The noblest of the three Oils is the Chrism, and its consecration is more solemn, and fuller of mystery, than those of the other two. It is by the Chrism that the Holy Ghost imprints his indelible seal on the Christian, that has already been made a member of Christ by Baptism. The Water gives us our spiritual birth; the Chrism gives us strength; and, until such time as we have received its holy anointing, we have not as yet the perfect character of a Christian. Anointed with holy Oil, the Faithful has a visible sign given him of his being a member of the Man-God, whose name of Christ signifies the unction he has received both as King and Pontiff. This consecration of a Christian by Chrism is so much in accordance with the spirit of our holy Religion that, immediately after Baptism, the child receives upon its head an anointing (though it is not a sacramental one) of this Oil, to show that he is already a sharer of the kingly character of Jesus Christ.

In order to express, by an outward sign, the sacredness of Chrism, an Apostolic tradition requires the Bishop to mix Balm with it. This Balm represents what the Apostle calls the good odor of Christ, of whom it is written: We will run after thee, to the odor of thy ointments. The scarcity and high price of other perfumes has obliged the Latin Church to be content with Balm alone in the mixture of holy Chrism; but in the Eastern Church, where the climate is more favorable than ours, three and thirty species of precious perfumes are put into the Oil, and it thus becomes an ointment of exquisite fragrance.

The holy Chrism, besides its sacramental use in Confirmation, and its being put upon the head of the newly baptised, is also used by the Church in the consecration of her Bishops, in the consecration of Chalices and Altars, in the blessing of Bells, and in the Dedication of a Church, in which last most imposing ceremony, the Bishop pours out the Chrism on the twelve crosses, which are to attest to all succeeding ages, the glory of God’s House.

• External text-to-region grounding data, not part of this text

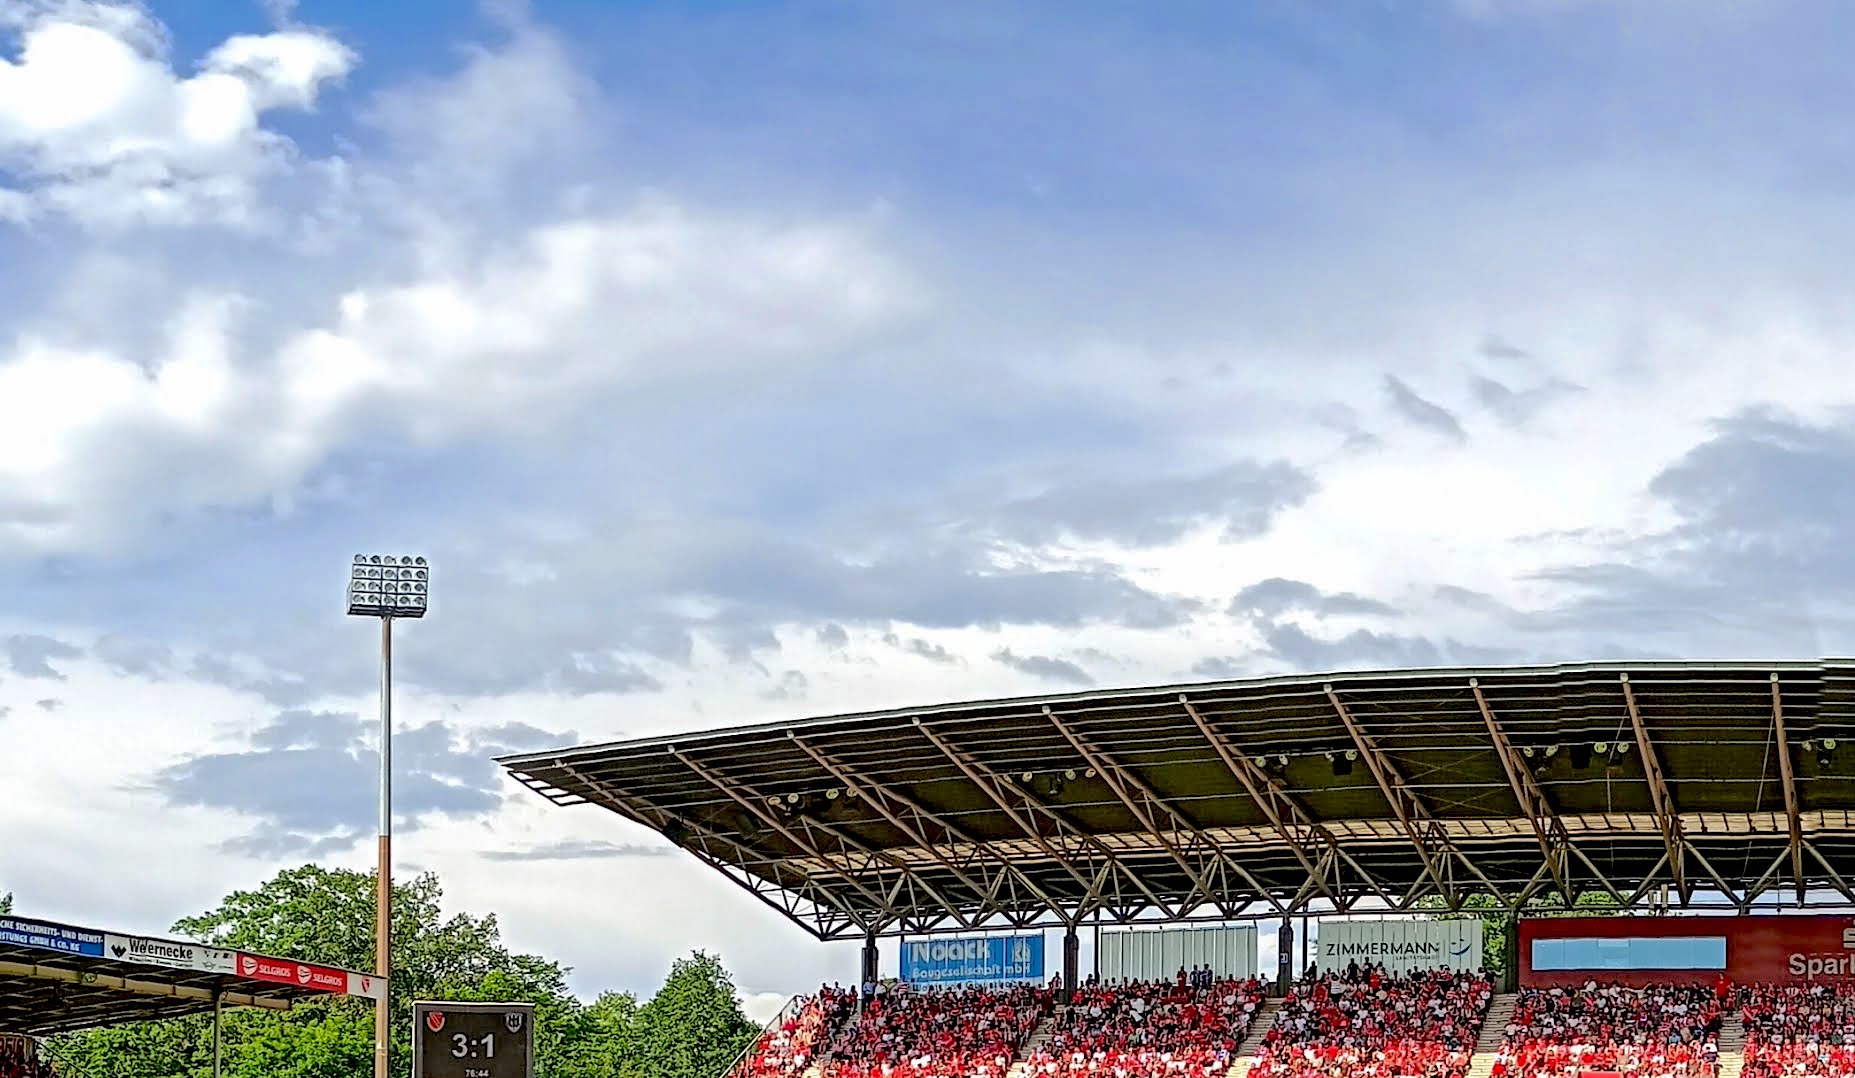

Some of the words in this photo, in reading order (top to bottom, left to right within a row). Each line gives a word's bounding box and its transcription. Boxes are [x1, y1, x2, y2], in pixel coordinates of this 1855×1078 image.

[61, 929, 77, 940] UND
[912, 939, 991, 963] Noack
[1326, 942, 1440, 956] ZIMMERMANN
[259, 963, 291, 977] SELGROS
[1005, 963, 1031, 974] mbH
[313, 973, 343, 986] SELGROS
[451, 1033, 495, 1058] 3:1

The third of the holy Oils is that which is called the Oil of Catechumens. Though it be not the matter of any Sacrament, it is, nevertheless, an Apostolic institution. Its blessing is less solemn than that of the Chrism, but more so than that of the Oil of the Sick. The Oil of Catechumens is used in the ceremonies of Baptism, for the anointing the breast and shoulders. It is also used for the anointing of a Priest’s hands in Ordination, and for the coronation of a King or Queen.

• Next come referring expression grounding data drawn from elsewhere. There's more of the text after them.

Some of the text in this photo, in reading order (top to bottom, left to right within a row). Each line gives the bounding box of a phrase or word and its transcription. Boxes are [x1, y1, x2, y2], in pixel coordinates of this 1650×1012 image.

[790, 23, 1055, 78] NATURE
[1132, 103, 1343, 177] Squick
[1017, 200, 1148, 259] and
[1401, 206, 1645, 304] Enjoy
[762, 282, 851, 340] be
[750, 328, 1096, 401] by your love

These few words of explanation will give the Faithful some idea of the importance of the Blessing of the holy Oils. By this threefold Blessing, says St. Fortunatus (in the beautiful Hymn, which is used during the ceremony), the Bishop acquits the debt he owes, and which none but he can pay.

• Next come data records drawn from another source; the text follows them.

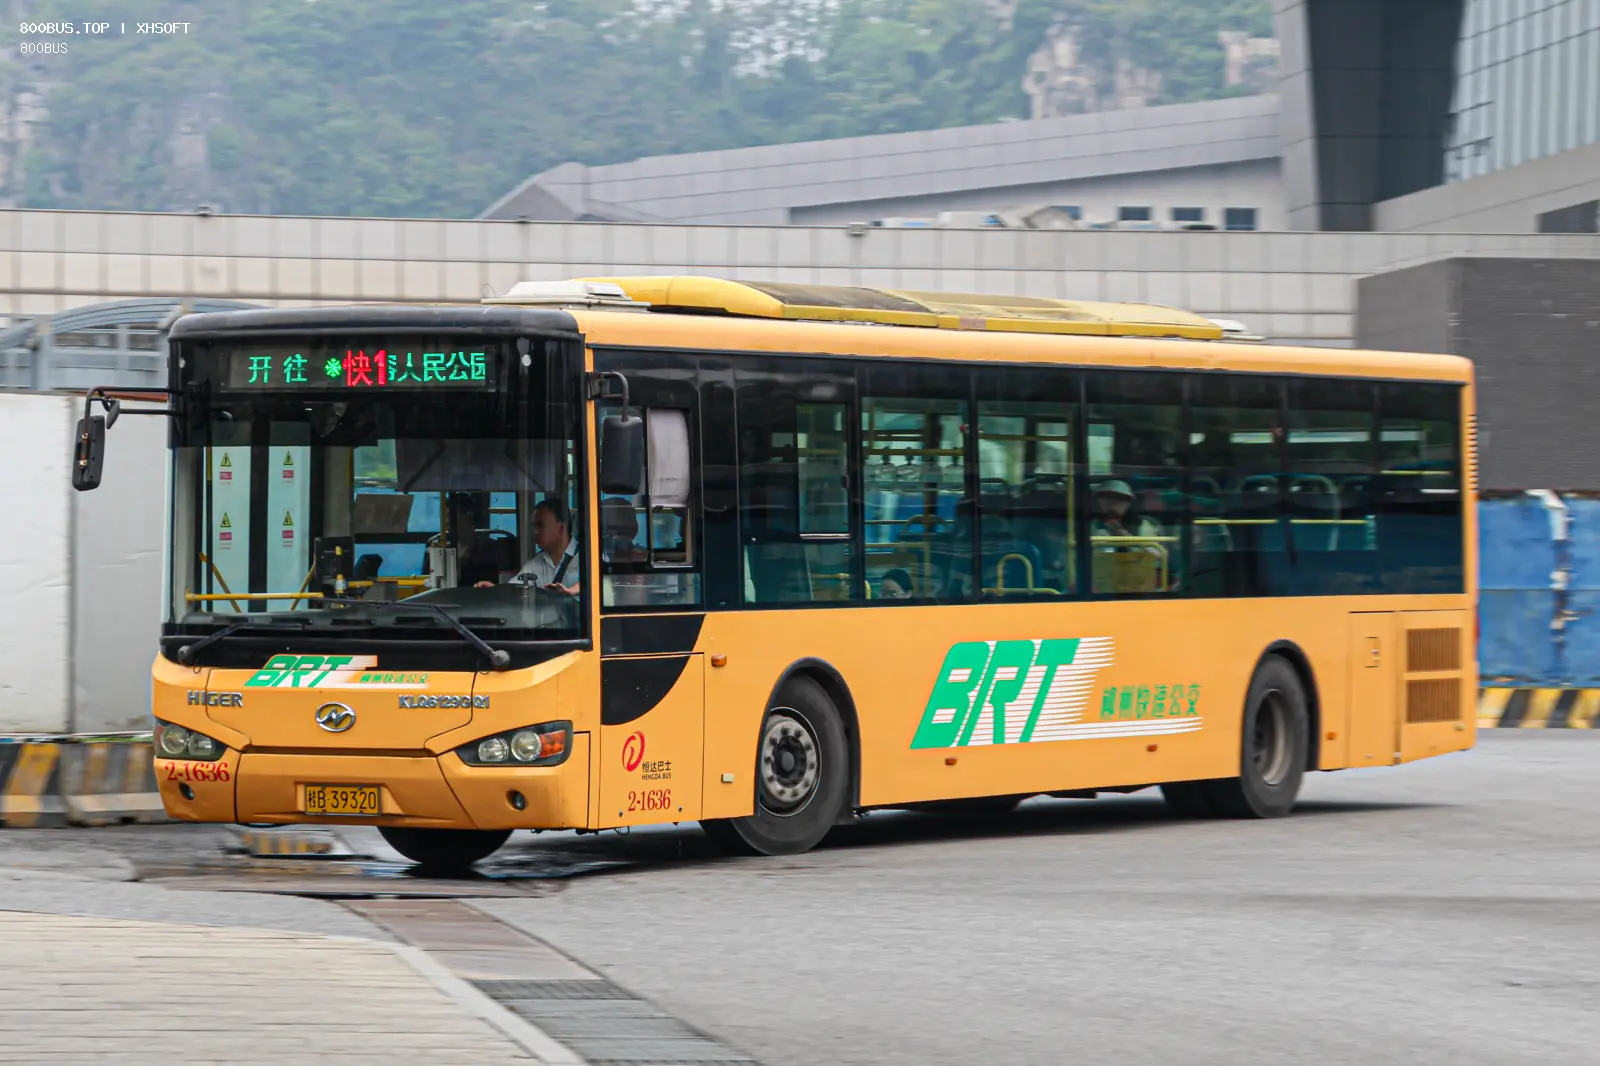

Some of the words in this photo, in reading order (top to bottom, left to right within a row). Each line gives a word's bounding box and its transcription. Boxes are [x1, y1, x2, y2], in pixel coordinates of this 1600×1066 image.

[248, 353, 308, 383] 开往
[244, 655, 353, 688] BRT
[187, 690, 244, 708] HIGER
[909, 637, 1081, 750] BRT
[164, 761, 231, 782] 2-1636
[642, 760, 672, 772] 恒达巴士
[627, 788, 671, 812] 2-1636

The holy Church seldom employs such pomp as she does on this occasion. Twelve Priests, seven Deacons, and seven Subdeacons, are present. The Roman Pontifical tells us that the twelve Priests assist as witnesses and cooperators of the holy Chrism. The Mass commences, and goes on as far as the Prayer of the Canon, which immediately precedes the Pater noster. The Bishop then leaves the Altar, and goes to the place prepared for the Blessing. The first phial of Oil that is brought to him is that which is intended for the sick. He prefaces the blessing by pronouncing the words of exorcism over this oil, in order to drive from it the influence of the wicked spirits who, out of hatred for man, are ever seeking to infest the creatures given to us for our use. This done, he blesses it in these words:

We beseech thee, O Lord, send forth from heaven thy Holy Spirit the Paraclete upon this rich juice of the olive, which thou hast graciously produced from the green wood, for the solace of both mind and body. By thy holy blessing, may all they that are anointed with this ointment of heavenly virtue, receive help to mind and body; may it remove from them all pains, all infirmities, and all sickness of mind and body, for it was with oil that thou didst anoint thy Priests, Kings, Prophets, and Martyrs. May this, being blessed by thee, O Lord, become unto us an ointment of perfection, and abide within our whole being. In the name of our Lord Jesus Christ.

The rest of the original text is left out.